A calendar is a calendar is a calendar.
This library abstracts away the fiddly logic for displaying a month-like calendar view. It's a presenter, I guess.
The third time I found myself writing complicated view code to display a month-like calendar view I decided to go find a library that would abstract this away... and all the libraries I found contained a bunch of html and css stuff (and also depended on Rails), which was a bit more than I wanted.
So I re-invented another wheel (but made it really, really small).
This uses Date
from the Ruby Standard Library.
Create a hash that uses the day of the month as the key. The data can be anything; only your code will be interacting with it.
data = {
1 => thing,
2 => different_thing,
3 => nil,
4 => medium_sized_thing,
5 => complicated_thing,
6 => nil,
# ... etc
}
Obviously, you don't need to pass in any data -- if it's easy enough to just loop through and check what day it is and do whatever you need to do in your template, that's up to you.
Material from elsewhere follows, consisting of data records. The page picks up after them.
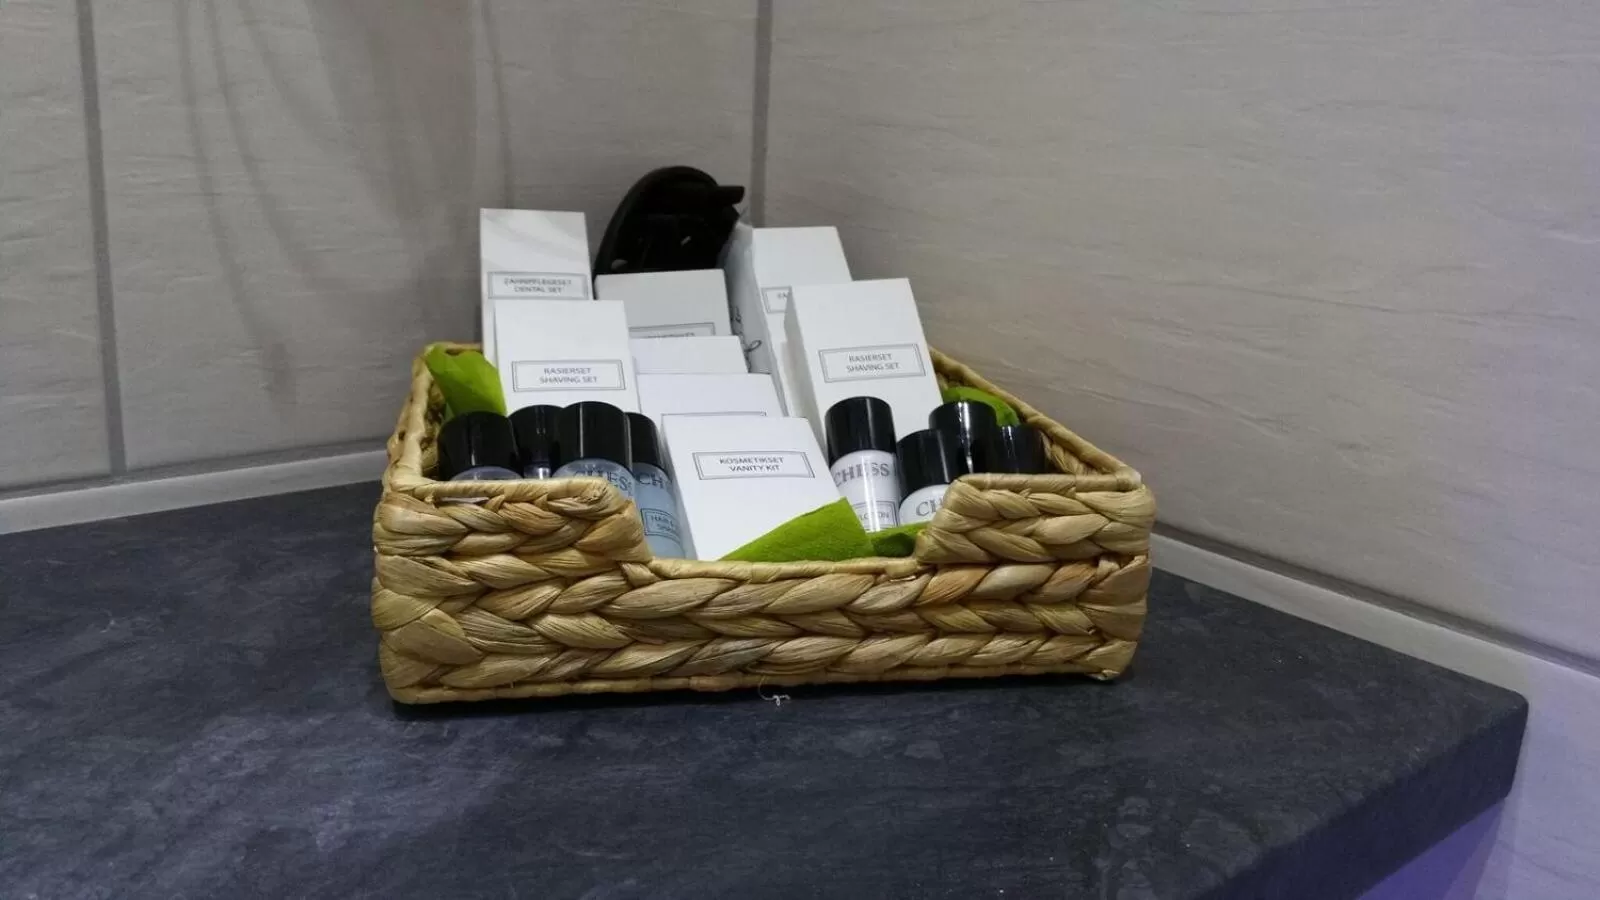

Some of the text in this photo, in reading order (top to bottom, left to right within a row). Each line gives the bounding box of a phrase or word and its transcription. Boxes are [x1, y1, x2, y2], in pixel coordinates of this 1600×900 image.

[848, 353, 893, 363] RASIERSET
[543, 367, 592, 376] RASIERSET
[846, 362, 900, 373] SHAVING SET
[539, 375, 597, 384] SHAVING SET
[719, 456, 785, 465] KOSMETIKSET
[728, 464, 781, 473] VANITY KIT
[833, 462, 890, 488] CHESS
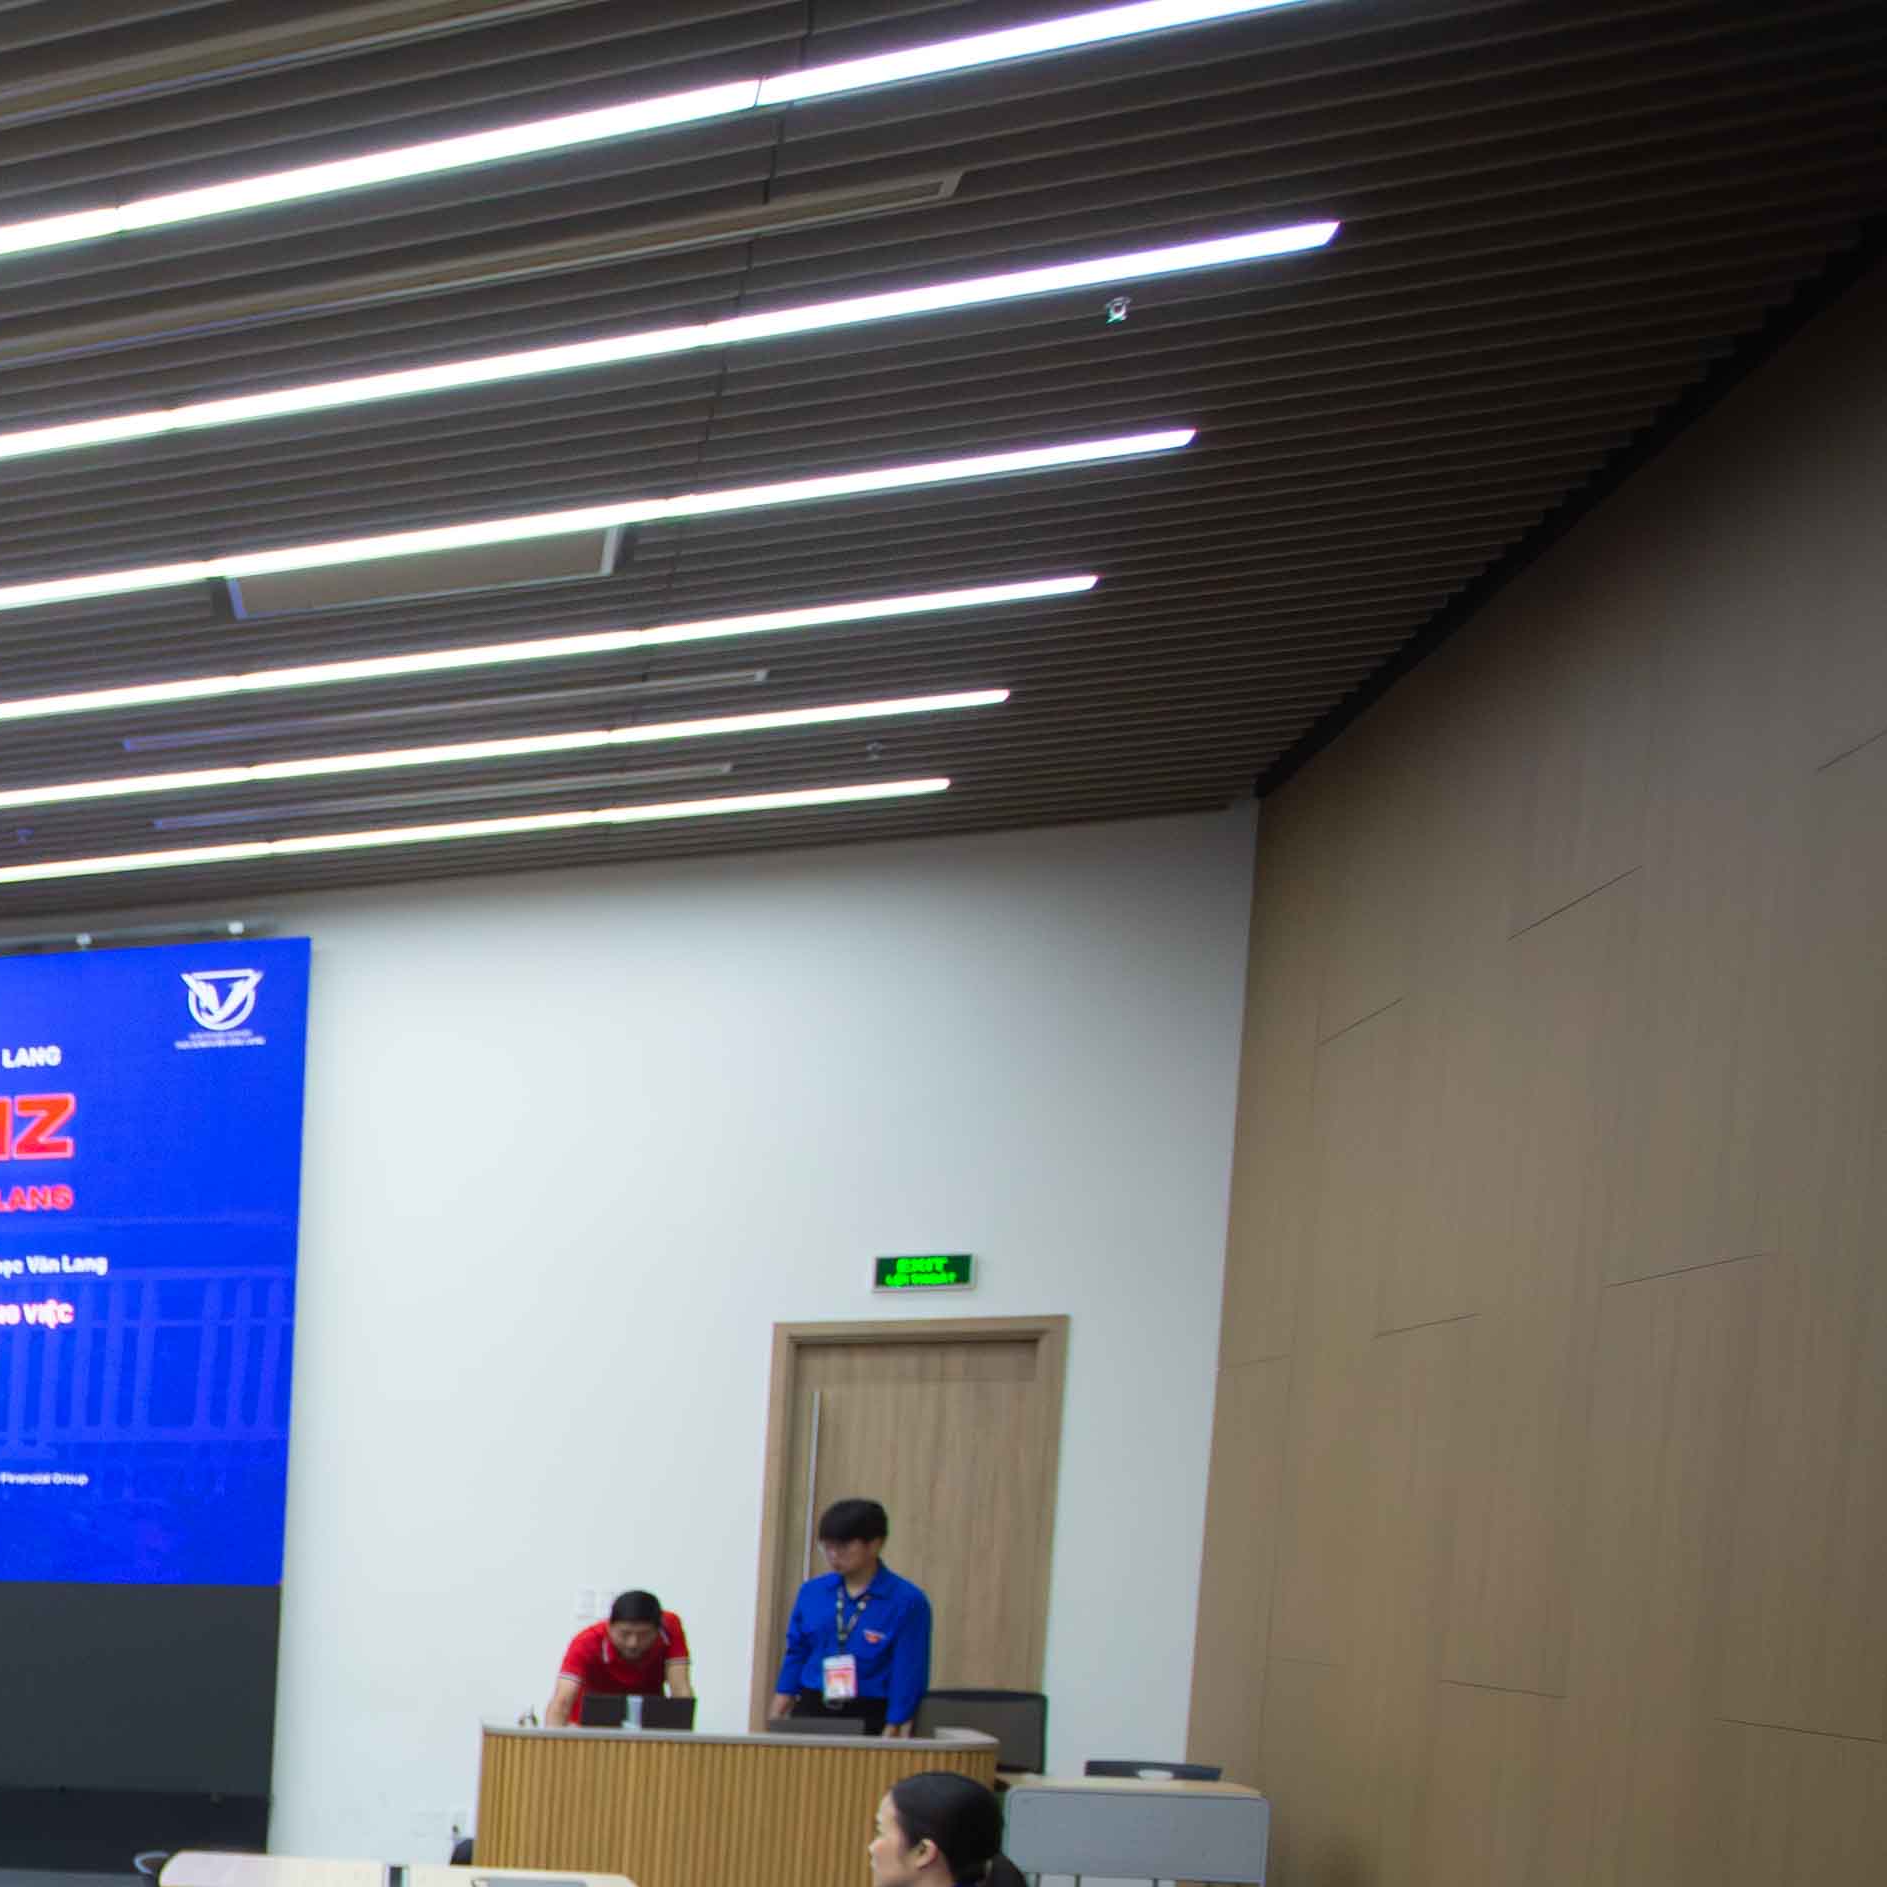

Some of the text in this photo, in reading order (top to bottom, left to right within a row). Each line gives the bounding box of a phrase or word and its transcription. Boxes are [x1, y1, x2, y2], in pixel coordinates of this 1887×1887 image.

[1, 1045, 62, 1068] LANG
[26, 1254, 60, 1275] Văn
[61, 1253, 108, 1276] Lang
[23, 1299, 73, 1328] VIỆC
Create a calendar for a month by sending in year
, month
, and the data:
cal = Calorie.new(2010, 6, data)
In your template, you can style it however you wish.
# previous month, e.g. December 2009
cal.previous
# current month, e.g. January 2010
cal.current
# next month, e.g. February 2010
cal.next
cal.days_of_the_week do |day|
# day.label
# day.weekend?
end
cal.weeks.each do |week|
# week.number
week.days.each do |day|
unless day.blank?
# the day of the month is day.number
# do stuff with day.data, which is
# whatever you happened to put into the
# data hash
if day.today?
# omg, it's RIGHT NOW
end
end
end
end
Note: Weeks are numbered per ISO-8601. This gets a bit weird if you've configured your week to start on Sunday, as the ISO-8601 specifies that the week starts on Monday. On the other hand, the definition for week 1 is the week that has the year's first Thursday in it, so that can be defined unambiguously even if you start your week on a Sunday.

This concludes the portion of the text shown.